The executive power to veto legislation is one of the main tools that the executive has in the legislative process, along with the proposal power.[2] It is most commonly found in presidential and semi-presidential systems.[3] In parliamentary systems, the head of state often has either a weak veto power or none at all.[4] But while some political systems do not contain a formal veto power, all political systems contain veto players, people or groups who can use social and political power to prevent policy change.[5]

The word "veto" comes from the Latin for "I forbid". The concept of a veto originated with the Roman offices of consul and tribune of the plebs. There were two consuls every year; either consul could block military or civil action by the other. The tribunes had the power to unilaterally block any action by a Roman magistrate or the decrees passed by the Roman Senate.[6]

History

Roman veto

Tiberius Gracchus, Roman tribune

The institution of the veto, known to the Romans as the intercessio, was adopted by the Roman Republic in the 6th century BC to enable the tribunes to protect the mandamus interests of the plebeians (common citizenry) from the encroachments of the patricians, who dominated the Senate. A tribune's veto did not prevent the senate from passing a bill but meant that it was denied the force of law. The tribunes could also use the veto to prevent a bill from being brought before the plebeian assembly. The consuls also had the power of veto, as decision-making generally required the assent of both consuls. If they disagreed, either could invoke the intercessio to block the action of the other. The veto was an essential component of the Roman conception of power being wielded not only to manage state affairs but to moderate and restrict the power of the state's high officials and institutions.[6]

A notable use of the Roman veto occurred in the Gracchan land reform, which was initially spearheaded by the tribune Tiberius Gracchus in 133 BC. When Gracchus' fellow tribune Marcus Octavius vetoed the reform, the Assembly voted to remove him on the theory that a tribune must represent the interests of the plebeians. Later, senators outraged by the reform murdered Gracchus and several supporters, setting off a period of internal political violence in Rome.[7]

Liberum veto

Main article: Liberum veto

In the constitution of the Polish–Lithuanian Commonwealth in the 17th and 18th centuries, all bills had to pass the Sejm or "Seimas" (parliament) by unanimous consent, and if any legislator invoked the liberum veto, this not only vetoed that bill but also all previous legislation passed during the session, and dissolved the legislative session itself. The concept originated in the idea of "Polish democracy" as any Pole of noble extraction was considered as good as any other, no matter how low or high his material condition might be. The more and more frequent use of this veto power paralyzed the power of the legislature and, combined with a string of weak figurehead kings, led ultimately to the partitioning and the dissolution of the Polish state in the late 18th century.

Emergence of modern vetoes

William III of England granting royal assent to the Toleration Act 1688.

The modern executive veto derives from the European institution of royal assent, in which the monarch's consent was required for bills to become law.

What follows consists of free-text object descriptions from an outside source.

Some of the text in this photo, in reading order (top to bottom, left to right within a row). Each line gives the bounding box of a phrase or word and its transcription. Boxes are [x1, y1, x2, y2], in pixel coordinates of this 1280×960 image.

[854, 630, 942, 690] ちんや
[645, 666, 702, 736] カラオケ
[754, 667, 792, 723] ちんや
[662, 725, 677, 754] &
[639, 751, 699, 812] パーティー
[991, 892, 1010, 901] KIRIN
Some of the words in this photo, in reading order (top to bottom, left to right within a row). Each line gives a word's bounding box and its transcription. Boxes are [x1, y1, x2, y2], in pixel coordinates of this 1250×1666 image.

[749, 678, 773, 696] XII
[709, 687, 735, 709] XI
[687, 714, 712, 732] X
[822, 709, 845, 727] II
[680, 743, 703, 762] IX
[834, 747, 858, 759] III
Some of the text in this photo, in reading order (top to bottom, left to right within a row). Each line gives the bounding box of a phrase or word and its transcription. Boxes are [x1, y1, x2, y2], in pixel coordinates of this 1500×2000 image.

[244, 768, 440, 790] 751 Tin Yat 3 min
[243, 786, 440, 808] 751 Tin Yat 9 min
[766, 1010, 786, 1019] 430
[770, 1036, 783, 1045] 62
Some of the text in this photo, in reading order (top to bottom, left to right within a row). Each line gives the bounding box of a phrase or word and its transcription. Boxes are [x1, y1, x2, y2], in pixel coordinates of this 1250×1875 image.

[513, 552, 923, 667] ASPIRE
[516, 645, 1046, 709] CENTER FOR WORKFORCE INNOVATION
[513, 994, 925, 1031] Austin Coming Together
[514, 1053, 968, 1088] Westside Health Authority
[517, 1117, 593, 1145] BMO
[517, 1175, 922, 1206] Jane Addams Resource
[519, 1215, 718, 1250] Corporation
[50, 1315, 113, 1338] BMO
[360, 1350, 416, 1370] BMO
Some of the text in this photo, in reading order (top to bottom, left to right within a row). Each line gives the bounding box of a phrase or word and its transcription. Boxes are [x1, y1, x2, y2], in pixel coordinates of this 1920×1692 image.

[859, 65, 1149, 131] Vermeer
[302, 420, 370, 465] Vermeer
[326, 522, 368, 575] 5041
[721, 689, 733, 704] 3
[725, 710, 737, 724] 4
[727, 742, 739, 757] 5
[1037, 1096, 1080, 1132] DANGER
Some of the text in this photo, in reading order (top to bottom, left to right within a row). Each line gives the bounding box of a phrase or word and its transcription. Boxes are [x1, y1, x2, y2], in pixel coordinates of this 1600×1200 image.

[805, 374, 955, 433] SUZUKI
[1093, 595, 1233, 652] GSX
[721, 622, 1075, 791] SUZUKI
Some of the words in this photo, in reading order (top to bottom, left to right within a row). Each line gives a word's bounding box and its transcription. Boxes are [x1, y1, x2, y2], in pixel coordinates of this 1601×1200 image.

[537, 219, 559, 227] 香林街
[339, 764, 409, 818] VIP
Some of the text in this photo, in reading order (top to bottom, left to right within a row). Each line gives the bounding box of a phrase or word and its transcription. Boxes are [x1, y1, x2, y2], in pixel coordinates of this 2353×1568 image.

This in turn had evolved from earlier royal systems in which laws were simply issued by the monarch, as was the case for example in England until the reign of Edward III in the 14th century.[8] In England itself, the power of the monarch to deny royal assent was not used after 1708, but it was used extensively in the British colonies. The heavy use of this power was mentioned in the U.S. Declaration of Independence in 1776.[9]

Following the French Revolution in 1789, the royal veto was hotly debated, and hundreds of proposals were put forward for different versions of the royal veto, as either absolute, suspensive, or nonexistent.[10] With the adoption of the French Constitution of 1791, King Louis XVI lost his absolute veto and acquired the power to issue a suspensive veto that could be overridden by a majority vote in two successive sessions of the Legislative Assembly, which would take four to six years.[11] With the abolition of the monarchy in 1792, the question of the French royal veto became moot.[11]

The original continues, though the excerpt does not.